Jay Elwes: When did you first become concerned about future U.S. economic growth?

Robert Gordon: For 15 years I have been talking about how the recent inventions don’t measure up to the great old inventions of the late 19C.

JE: Why don’t they measure up?

RG: Life was utterly transformed between 1890 and 1930, and more so in the US than in the UK. The entire urban US was electrified. The house became networked from its isolation in 1870. By 1929 it was connected five ways through electricity, gas, telephone, running water and sewers, none of which existed in the 1870s. Those were extremely important transformations. The invention of the motor vehicle eliminated the horse and its droppings from urban streets. The entire panoply of communication and entertainment inventions that went from the telegraph to the telephone to the phonograph to the radio and then in right at the dawn of WW2, television, all of that happened in a very short time.

Something can’t be more than 100 percent of itself. You could only have the transition from a rural to an urban society once. You could only have the transition from 20 per cent infant mortality to near zero once. All of that was happening in those 50 years. And then in the early part of the post war years we completed the subsidiary inventions from the late 19C, with commercial air transport, air conditioning and the inter-state highway system.

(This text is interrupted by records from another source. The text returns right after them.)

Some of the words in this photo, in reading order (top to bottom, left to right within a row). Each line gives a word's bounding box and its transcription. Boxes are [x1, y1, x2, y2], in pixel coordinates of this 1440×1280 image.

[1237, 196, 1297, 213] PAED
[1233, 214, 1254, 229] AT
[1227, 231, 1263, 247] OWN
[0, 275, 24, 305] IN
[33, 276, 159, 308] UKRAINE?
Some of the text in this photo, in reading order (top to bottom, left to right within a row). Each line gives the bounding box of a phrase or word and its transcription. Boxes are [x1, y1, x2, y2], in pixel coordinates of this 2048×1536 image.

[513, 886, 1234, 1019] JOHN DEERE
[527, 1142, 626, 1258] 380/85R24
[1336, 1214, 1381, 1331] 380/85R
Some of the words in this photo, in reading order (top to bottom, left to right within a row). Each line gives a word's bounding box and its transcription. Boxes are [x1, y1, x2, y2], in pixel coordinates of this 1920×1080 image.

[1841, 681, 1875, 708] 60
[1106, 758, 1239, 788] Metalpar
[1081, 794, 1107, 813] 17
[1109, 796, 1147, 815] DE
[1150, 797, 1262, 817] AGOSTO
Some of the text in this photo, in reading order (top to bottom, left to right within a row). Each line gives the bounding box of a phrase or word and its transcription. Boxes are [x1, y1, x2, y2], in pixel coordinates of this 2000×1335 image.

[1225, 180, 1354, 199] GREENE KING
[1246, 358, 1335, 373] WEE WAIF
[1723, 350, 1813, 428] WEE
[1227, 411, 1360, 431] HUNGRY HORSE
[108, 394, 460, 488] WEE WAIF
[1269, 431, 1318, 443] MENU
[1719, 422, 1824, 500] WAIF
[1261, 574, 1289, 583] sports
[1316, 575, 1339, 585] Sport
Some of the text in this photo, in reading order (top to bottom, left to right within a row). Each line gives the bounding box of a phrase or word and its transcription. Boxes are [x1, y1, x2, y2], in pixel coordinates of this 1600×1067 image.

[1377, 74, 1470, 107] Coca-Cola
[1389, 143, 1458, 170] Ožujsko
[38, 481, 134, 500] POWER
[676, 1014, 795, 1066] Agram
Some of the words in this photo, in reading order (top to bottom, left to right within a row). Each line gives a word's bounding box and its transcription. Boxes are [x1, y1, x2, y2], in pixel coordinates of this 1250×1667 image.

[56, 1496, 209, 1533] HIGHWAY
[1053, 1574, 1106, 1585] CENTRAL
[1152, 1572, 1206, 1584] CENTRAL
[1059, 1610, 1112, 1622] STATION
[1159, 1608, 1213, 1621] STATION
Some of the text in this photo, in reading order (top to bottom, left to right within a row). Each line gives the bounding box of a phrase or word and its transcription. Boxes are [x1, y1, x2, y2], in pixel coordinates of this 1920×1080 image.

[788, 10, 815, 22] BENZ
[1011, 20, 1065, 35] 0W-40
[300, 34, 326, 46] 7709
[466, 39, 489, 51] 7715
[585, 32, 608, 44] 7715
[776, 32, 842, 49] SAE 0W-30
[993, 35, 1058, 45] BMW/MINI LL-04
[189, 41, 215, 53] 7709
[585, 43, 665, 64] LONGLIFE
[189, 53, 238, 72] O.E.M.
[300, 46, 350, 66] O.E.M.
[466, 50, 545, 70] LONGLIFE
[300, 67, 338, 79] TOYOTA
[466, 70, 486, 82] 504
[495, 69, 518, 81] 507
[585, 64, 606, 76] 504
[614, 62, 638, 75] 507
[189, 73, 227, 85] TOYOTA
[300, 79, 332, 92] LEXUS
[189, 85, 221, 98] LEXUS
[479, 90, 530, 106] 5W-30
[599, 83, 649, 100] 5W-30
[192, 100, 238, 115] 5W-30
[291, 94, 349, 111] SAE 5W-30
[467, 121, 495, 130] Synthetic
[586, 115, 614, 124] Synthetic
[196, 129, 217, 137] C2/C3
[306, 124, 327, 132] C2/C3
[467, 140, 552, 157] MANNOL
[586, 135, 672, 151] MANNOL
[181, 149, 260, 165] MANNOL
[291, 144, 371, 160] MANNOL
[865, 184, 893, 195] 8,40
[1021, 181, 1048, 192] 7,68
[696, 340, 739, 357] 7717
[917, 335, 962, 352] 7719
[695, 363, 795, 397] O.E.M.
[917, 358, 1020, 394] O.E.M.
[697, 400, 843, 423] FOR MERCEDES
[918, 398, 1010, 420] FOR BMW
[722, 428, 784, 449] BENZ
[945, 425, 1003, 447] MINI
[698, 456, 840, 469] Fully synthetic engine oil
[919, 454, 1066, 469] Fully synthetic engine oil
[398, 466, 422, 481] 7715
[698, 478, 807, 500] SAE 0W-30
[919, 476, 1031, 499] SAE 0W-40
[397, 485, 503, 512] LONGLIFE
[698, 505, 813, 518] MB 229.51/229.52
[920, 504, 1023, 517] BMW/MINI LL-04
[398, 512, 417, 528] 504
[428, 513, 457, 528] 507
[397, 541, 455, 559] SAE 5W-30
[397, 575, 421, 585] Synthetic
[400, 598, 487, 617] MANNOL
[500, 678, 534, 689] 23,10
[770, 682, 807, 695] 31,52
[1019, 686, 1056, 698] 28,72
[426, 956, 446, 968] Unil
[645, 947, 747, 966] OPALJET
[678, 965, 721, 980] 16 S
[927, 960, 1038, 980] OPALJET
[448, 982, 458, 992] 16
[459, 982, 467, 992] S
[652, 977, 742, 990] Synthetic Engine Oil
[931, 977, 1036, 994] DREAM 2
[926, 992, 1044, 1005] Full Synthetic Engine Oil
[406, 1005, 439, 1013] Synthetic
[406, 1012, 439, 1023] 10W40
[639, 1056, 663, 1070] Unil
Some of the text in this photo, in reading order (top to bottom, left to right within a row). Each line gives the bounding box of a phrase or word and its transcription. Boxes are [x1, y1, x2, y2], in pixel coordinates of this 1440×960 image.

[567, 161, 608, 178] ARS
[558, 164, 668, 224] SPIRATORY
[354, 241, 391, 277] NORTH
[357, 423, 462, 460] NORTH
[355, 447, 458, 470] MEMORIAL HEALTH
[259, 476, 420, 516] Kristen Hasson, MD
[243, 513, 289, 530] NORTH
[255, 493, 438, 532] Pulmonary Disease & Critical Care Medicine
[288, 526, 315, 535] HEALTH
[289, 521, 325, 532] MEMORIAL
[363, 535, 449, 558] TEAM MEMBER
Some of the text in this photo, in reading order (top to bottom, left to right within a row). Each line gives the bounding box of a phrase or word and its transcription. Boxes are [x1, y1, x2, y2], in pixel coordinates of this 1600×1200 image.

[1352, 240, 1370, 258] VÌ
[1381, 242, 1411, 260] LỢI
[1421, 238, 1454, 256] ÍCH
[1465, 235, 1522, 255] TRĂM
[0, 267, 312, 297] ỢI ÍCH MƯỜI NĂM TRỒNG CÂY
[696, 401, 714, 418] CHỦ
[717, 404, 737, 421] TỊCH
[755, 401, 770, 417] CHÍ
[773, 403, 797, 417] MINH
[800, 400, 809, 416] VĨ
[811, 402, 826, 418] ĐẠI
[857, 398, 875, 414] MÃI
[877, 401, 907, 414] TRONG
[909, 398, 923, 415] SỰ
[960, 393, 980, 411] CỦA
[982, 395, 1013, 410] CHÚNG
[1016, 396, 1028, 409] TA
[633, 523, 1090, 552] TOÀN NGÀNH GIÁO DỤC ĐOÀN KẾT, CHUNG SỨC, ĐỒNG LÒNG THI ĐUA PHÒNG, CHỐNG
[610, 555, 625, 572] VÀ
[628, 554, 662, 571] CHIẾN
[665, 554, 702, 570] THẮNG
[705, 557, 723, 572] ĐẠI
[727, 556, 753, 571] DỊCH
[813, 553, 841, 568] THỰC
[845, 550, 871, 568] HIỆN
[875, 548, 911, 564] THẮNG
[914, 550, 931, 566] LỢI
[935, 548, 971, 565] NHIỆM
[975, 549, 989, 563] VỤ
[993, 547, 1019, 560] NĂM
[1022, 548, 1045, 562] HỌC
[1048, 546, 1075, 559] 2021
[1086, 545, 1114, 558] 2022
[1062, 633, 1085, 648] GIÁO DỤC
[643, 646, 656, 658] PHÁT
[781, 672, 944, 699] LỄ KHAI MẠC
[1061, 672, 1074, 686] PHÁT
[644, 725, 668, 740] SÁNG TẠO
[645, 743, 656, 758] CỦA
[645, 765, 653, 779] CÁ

So the difference is that we had, if you count them, at least five if not seven dimensions of an utter change in the standard of living. And it shows up in the productivity statistics as well. If you compare the last 40 years after 1972 and the 80 years before 1972, our productivity growth has been about 2/3 after what it was before. That’s an easy measure of the difference in the power between the second industrial revolution of the late 19th century and the third revolution of the past five decades which has centered on computers, communication, and digitalization. The third revolution has perhaps two dimensions, the computer part and the communications part that includes movement towards mobile devices and smart phones.

And if you think about the productivity effects of the computer revolution, they started way back in the 1960s, with the first computer-produced telephone bills and bank statements and went on in the 1970s with airline reservation systems. In the early 80s there was the invention of the personal computer, the ATM cash machine and barcode scanning which greatly increased productivity in retail. And so much of the impact of computers in replacing human labour had already occurred at the time the internet was introduced in the late 1990s. And actually, depending on which part of the internet you are looking at, it was introduced before then. Most of us were doing email by the early 90s. Amazon was founded in 1994, so we’re 20 years now into the age of e-commerce.

A section in my new 2014 paper is called “Stasis in the Office”. Going from about 1970, which is the date that the electronic calculator was invented, up to about 1995, you had a complete replacement of typewriters and calculators by desktop computers that could do word processing and spread sheets. Also you had the simultaneous replacement in every library in the world when they replaced their wooden boxes of book catalogues with electronic catalogues. The digitalisation of information in the academic field for instance. JSTOR for example allows us to throw out our collections of paper journals and look up anything that’s ever been published on our computer right next to us.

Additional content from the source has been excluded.